Start of Block

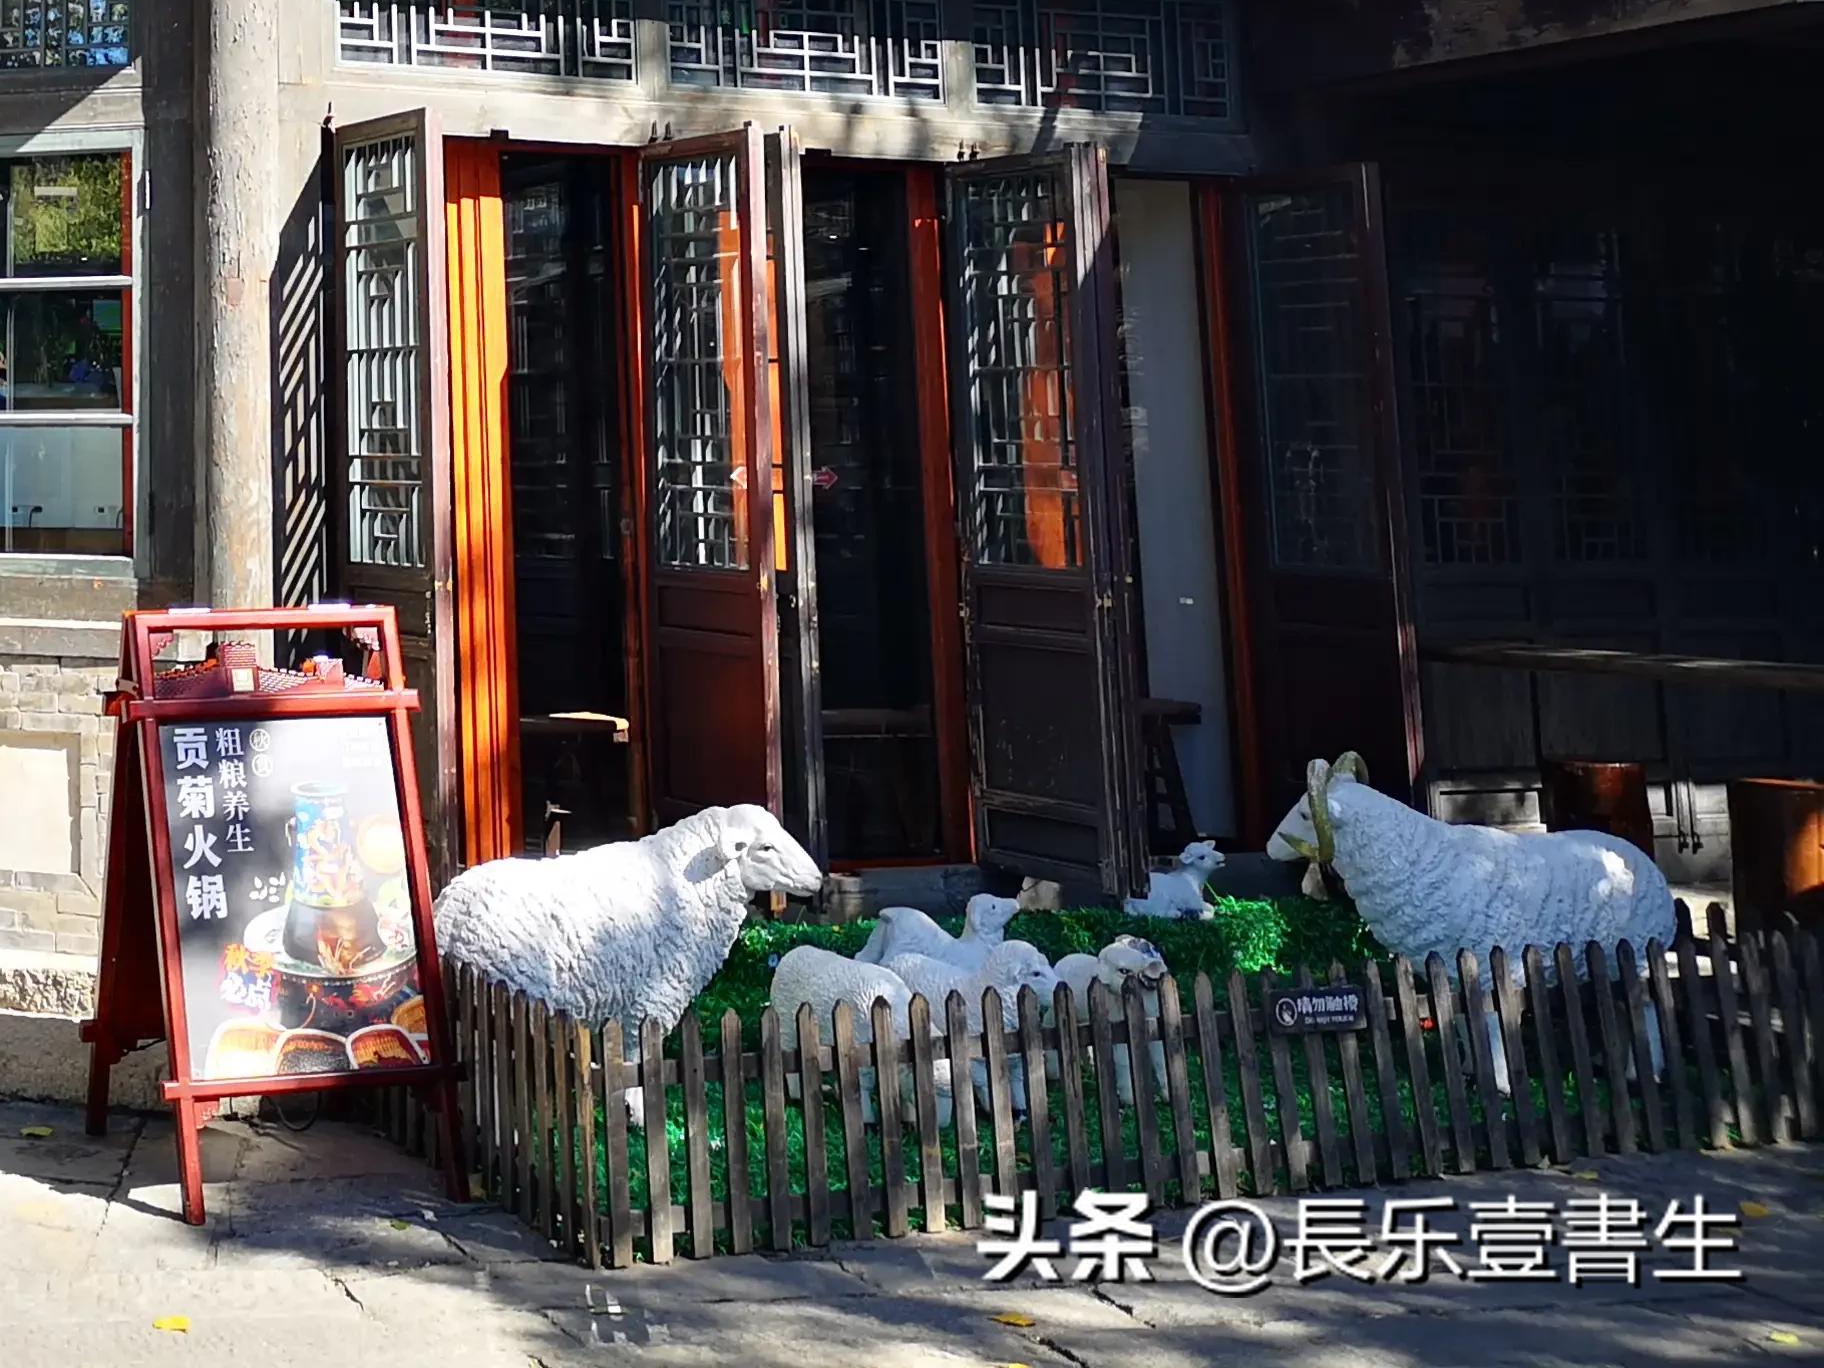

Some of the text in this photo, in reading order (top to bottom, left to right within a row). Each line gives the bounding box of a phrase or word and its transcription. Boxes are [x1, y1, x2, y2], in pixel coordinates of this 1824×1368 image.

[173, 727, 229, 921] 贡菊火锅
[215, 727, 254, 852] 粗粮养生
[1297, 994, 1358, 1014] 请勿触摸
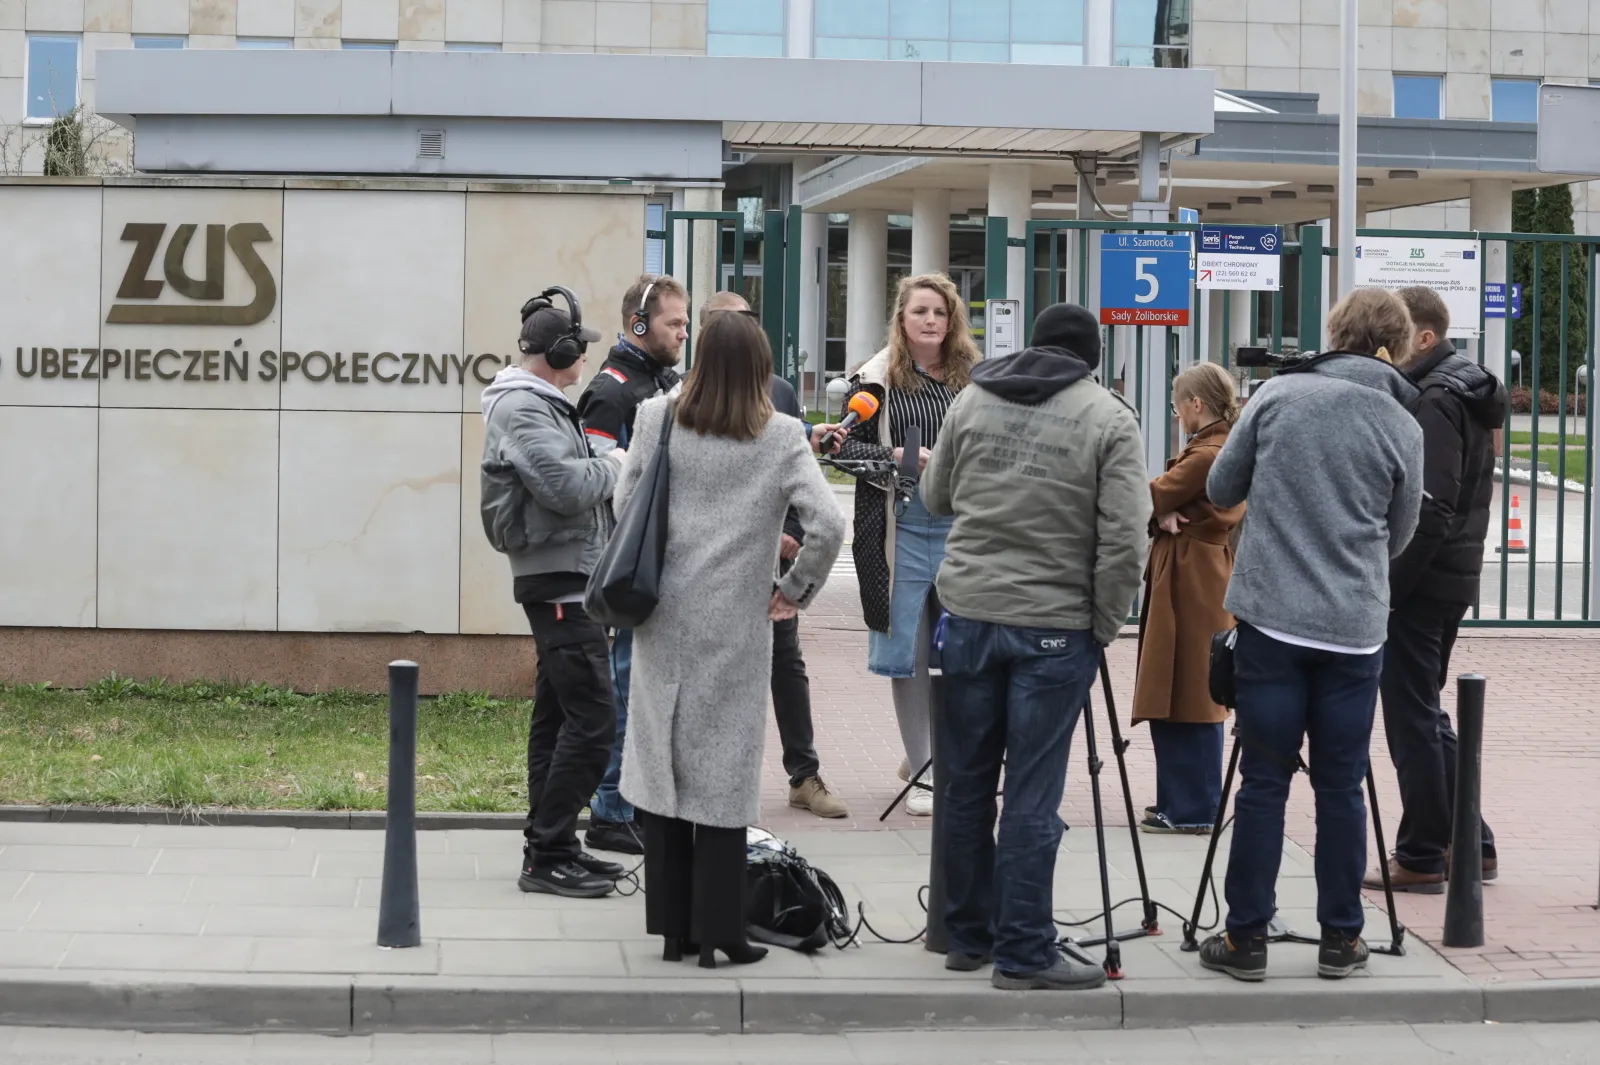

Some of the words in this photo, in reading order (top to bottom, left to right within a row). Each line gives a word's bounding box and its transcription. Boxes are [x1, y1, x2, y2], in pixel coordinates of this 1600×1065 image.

End of Block
Start of Block

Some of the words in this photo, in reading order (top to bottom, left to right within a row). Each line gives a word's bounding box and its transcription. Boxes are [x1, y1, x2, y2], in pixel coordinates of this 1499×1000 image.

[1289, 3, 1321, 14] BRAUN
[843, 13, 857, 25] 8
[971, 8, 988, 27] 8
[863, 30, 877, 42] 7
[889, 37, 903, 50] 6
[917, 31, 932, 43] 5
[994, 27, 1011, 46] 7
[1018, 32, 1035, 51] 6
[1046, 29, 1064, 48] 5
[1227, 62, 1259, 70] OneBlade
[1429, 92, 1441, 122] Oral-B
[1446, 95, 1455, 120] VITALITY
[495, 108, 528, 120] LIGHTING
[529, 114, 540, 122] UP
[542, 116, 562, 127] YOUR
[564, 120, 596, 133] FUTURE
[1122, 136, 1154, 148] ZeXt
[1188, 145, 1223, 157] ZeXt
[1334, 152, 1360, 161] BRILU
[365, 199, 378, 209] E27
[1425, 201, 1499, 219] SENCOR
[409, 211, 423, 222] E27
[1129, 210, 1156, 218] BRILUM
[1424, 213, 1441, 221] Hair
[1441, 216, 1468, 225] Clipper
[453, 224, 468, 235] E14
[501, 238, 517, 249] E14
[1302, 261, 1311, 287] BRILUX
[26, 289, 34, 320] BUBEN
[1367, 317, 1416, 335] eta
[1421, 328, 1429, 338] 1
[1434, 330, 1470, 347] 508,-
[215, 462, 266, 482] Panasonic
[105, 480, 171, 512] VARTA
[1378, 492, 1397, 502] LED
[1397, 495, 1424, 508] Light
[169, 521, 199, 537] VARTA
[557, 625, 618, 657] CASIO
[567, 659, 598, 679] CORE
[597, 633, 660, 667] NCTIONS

End of Block

(Problem to solve): Print exactly the lines above that run from the one with "Some of the text" to the one with "this 1600×1065 image.", both included. No pictures.

(Result below):
Some of the text in this photo, in reading order (top to bottom, left to right within a row). Each line gives the bounding box of a phrase or word and its transcription. Boxes are [x1, y1, x2, y2], in pixel coordinates of this 1824×1368 image.

[173, 727, 229, 921] 贡菊火锅
[215, 727, 254, 852] 粗粮养生
[1297, 994, 1358, 1014] 请勿触摸

Some of the words in this photo, in reading order (top to bottom, left to right within a row). Each line gives a word's bounding box and its transcription. Boxes are [x1, y1, x2, y2], in pixel coordinates of this 1600×1065 image.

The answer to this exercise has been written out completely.